昔、女の子が「こっち!」と示した分岐点に違いなかった。山の九合目付近になるから、思っていたより高所である。半世紀以上が経っているが、横道が右方向に位置していたのを覚えている。小二当時の記憶が正確で、一分としてずれてないのにびっくりした:当時、弱虫の私がこんな高所まで、女の子に連れられてよく登ったものだーーー、少しばかり感心した。
「高倉山へ」の分岐道の入り口は決して魅力的な感じがしなかった。大きな木が道を覆うように繁り、日が当らない方向なので、あたかも谷へ落ち込むかのように、薄暗く陰気な印象を与えた。矢印が無ければ、いや有っても、目的を持つ人以外は敢えて選ばないと思わせる雰囲気である。その道を選んだ。

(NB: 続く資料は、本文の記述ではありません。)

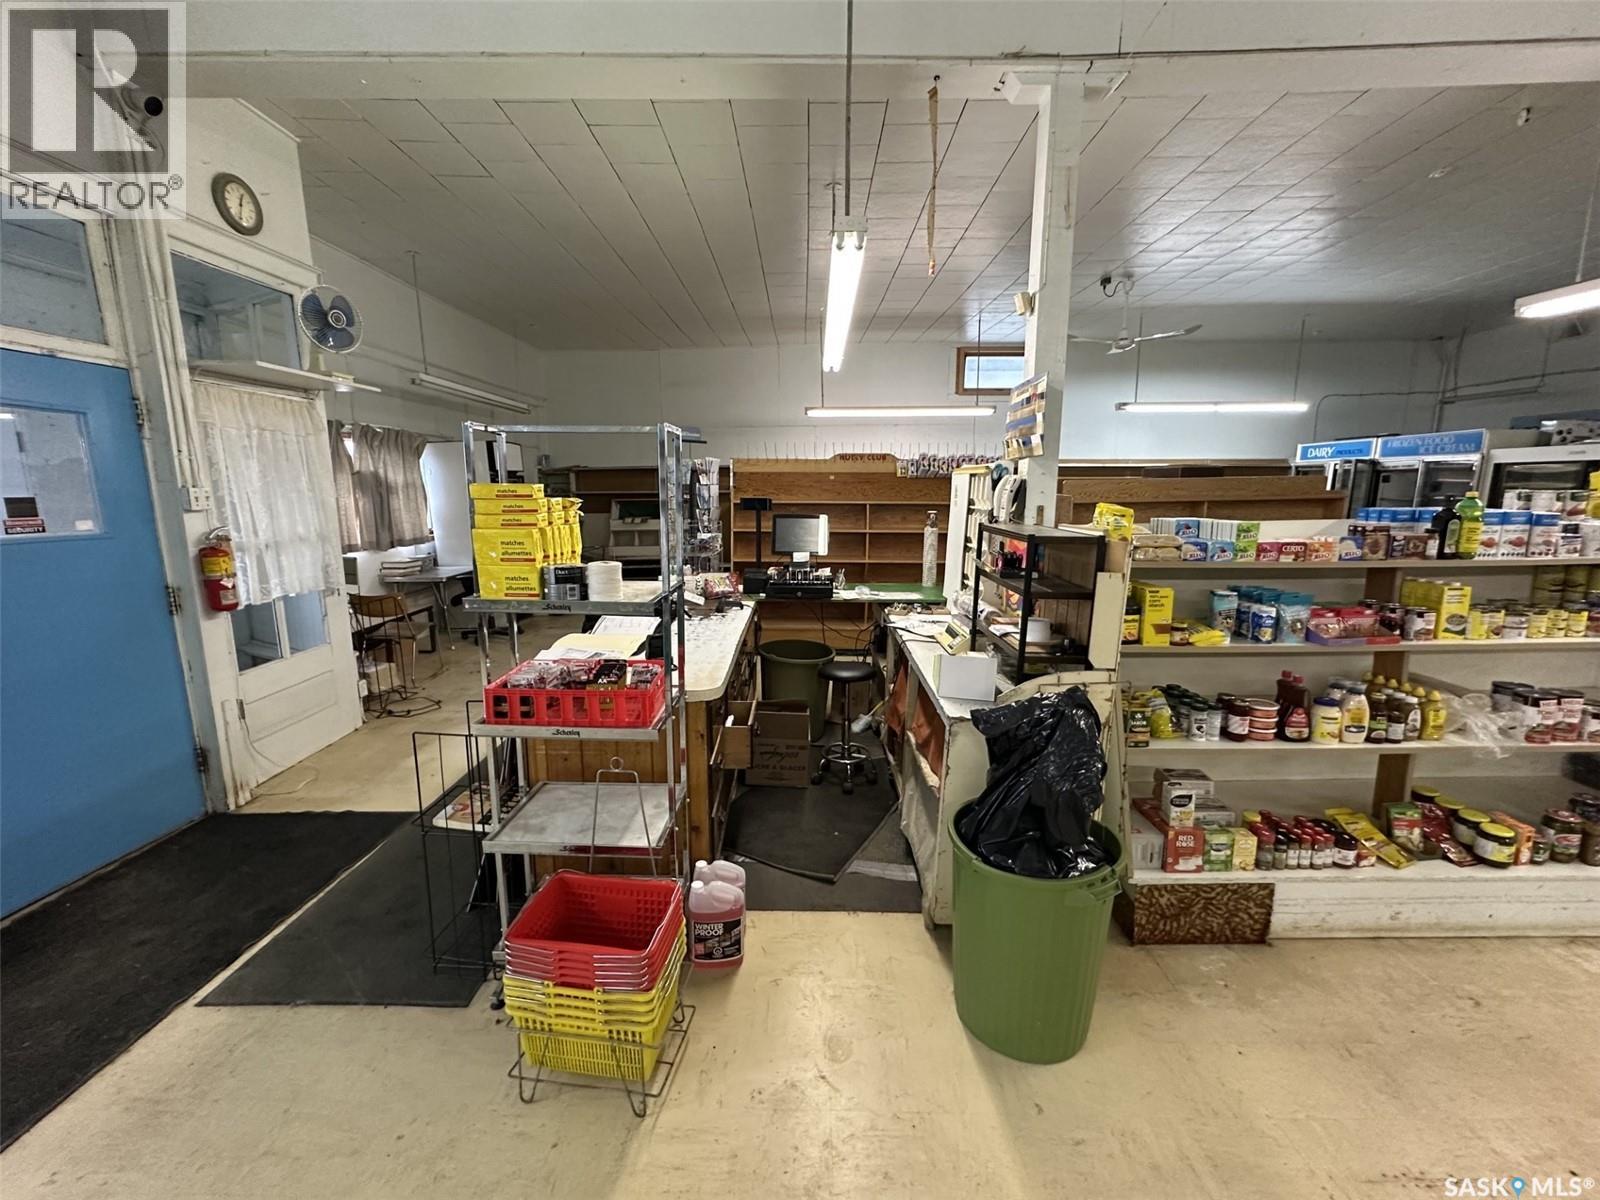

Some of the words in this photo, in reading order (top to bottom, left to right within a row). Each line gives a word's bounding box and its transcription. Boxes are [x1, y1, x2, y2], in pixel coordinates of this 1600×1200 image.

山の斜面に付けられた五十センチ幅ほどの道で、木立で薄暗い。二百米ほど奥へ入った時、対抗する向いの山から反射する陽光が、こっちの薄暗い山の斜面を所々濡らすように明るくしていた。さらに百米ほど奥へ進んだ時に、辺りに見覚えがあるのに気付いた。
六十年前の小二の記憶力は凄い。昔の古い映画フィルムが目の前に再映されみたいに、過去の記憶が一気に蘇った。辺りに反射される陽の翳り具合も、そのまま忘れていなかった。「ここだ!」と直感した。「もう帰るよーーー」と逃げ戻った場所に、たった一米の狂いも無かった。
当時の二人の立ち位置も覚えていた。私は細い道の谷側寄りに立ち、上背のある彼女は右手の山側に立っていたのだ。外に誰も居る筈はないのに、薄暗い木立の間から女の子がじっとこっちを伺っている気がして、思わず私はそこへ立ち尽くした。